Dans sa performance, Ana Pi tient également en équilibre sur sa tête une grande bouteille d’eau en plastique, en partie en hommage aux femmes d’Haïti et d’autres pays qui, traditionnellement, portent de lourdes charges avec grâce. « Mais c’est aussi un clin d’œil à une série de vidéos TikTok », sourit Ana Pi. « En 2020, le Joro challenge, très populaire sur TikTok, consistait à se filmer en train de danser avec une bouteille ou une canette sur la tête. Je veux entrelacer le passé, le présent et le futur dans mon travail. »
Nouvelles réalités
La principale source d’inspiration de The Divine Cypher est le film – et livre éponyme – Divine, Horsemen de la réalisatrice expérimentale américaine Maya Deren. Au milieu du XXe siècle, Deren a consacré environ sept ans de sa vie à l’observation de la culture haïtienne et des danses du patrimoine vaudou. Mais observer n’est peut-être pas le bon mot. « Deren utilise la caméra d’une manière extrêmement créative ; avec ses images elle crée, pour ainsi dire, une nouvelle réalité. Lorsque j’ai découvert son travail à l’université, un nouveau monde s’est ouvert à moi. Quand on regarde son film, la caméra est comme un corps. »

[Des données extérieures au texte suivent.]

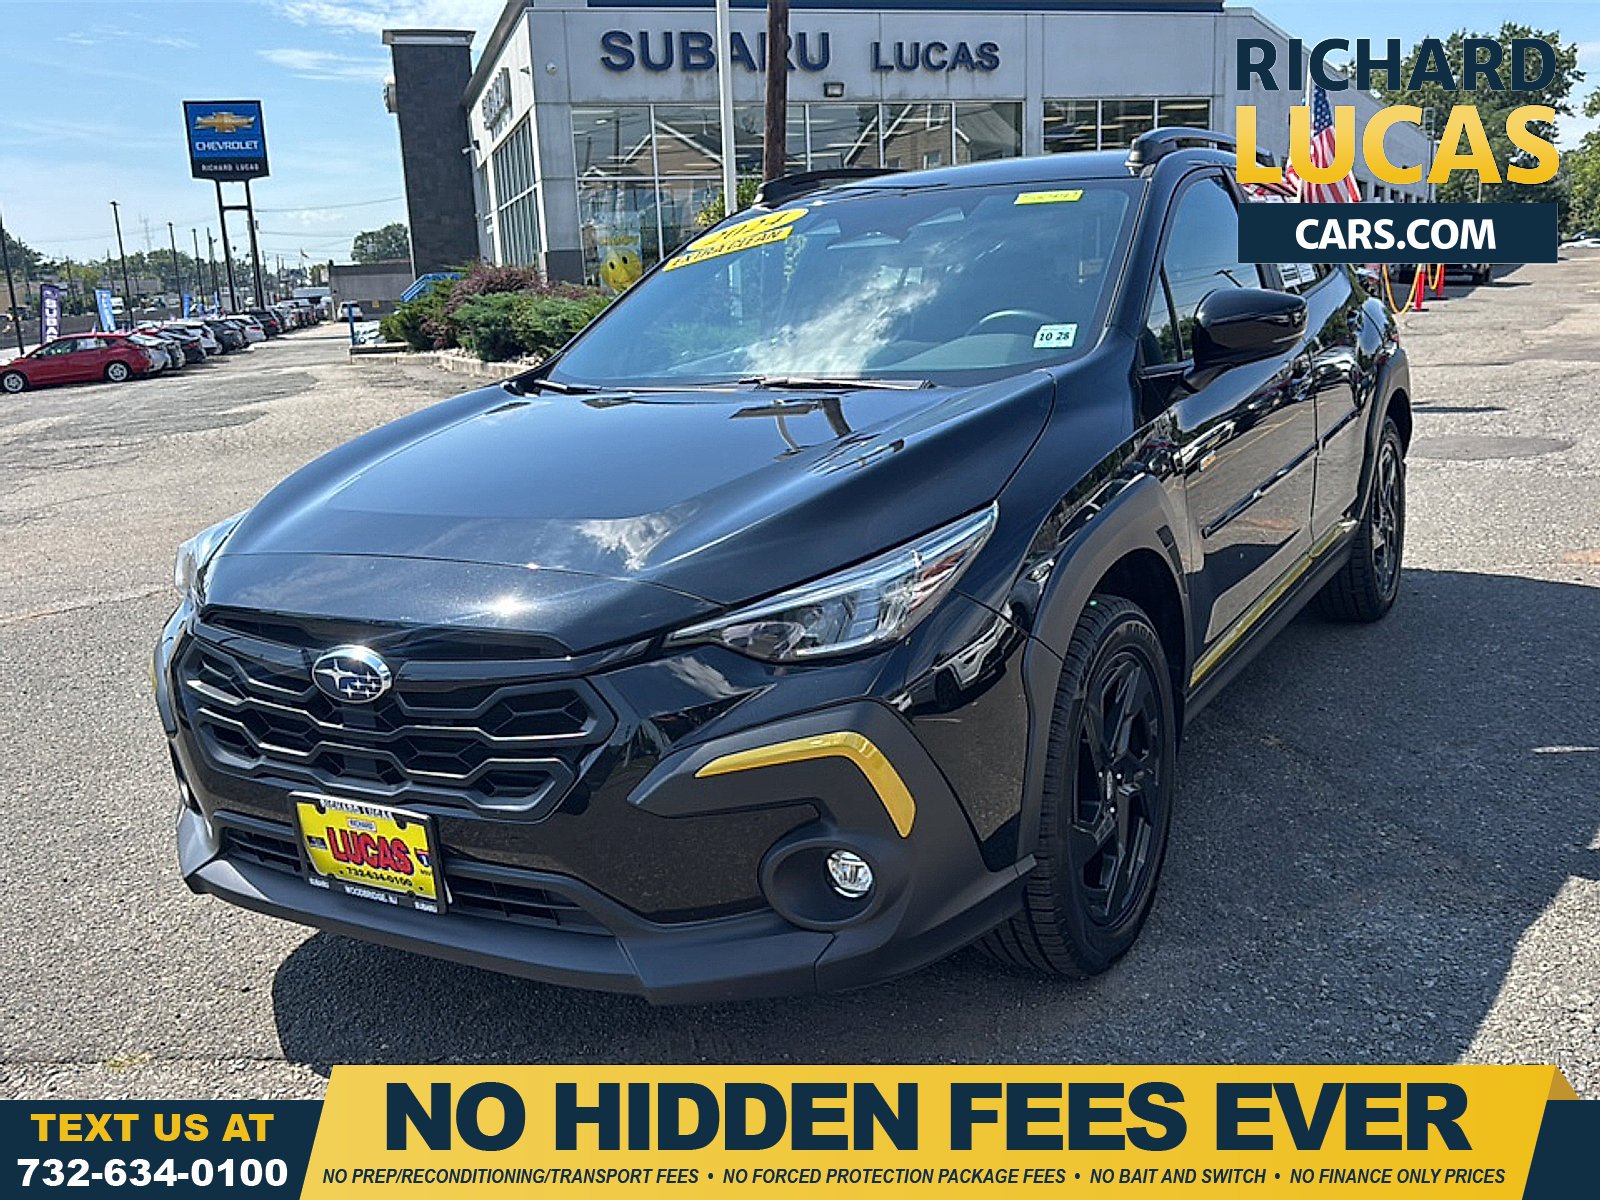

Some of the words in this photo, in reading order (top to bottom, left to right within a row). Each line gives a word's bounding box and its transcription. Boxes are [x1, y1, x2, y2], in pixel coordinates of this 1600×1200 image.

« Mon spectacle n’a pas pour but de convoquer des esprits, je veux montrer que la danse peut être l’expression d’un superpouvoir humain »
Dans The Divine Cypher, Ana Pi entre en dialogue avec les images de Deren, qui sont projetées sur scène. Elle diffuse également un enregistrement unique de musique sacrée haïtienne, enregistré par Deren elle-même.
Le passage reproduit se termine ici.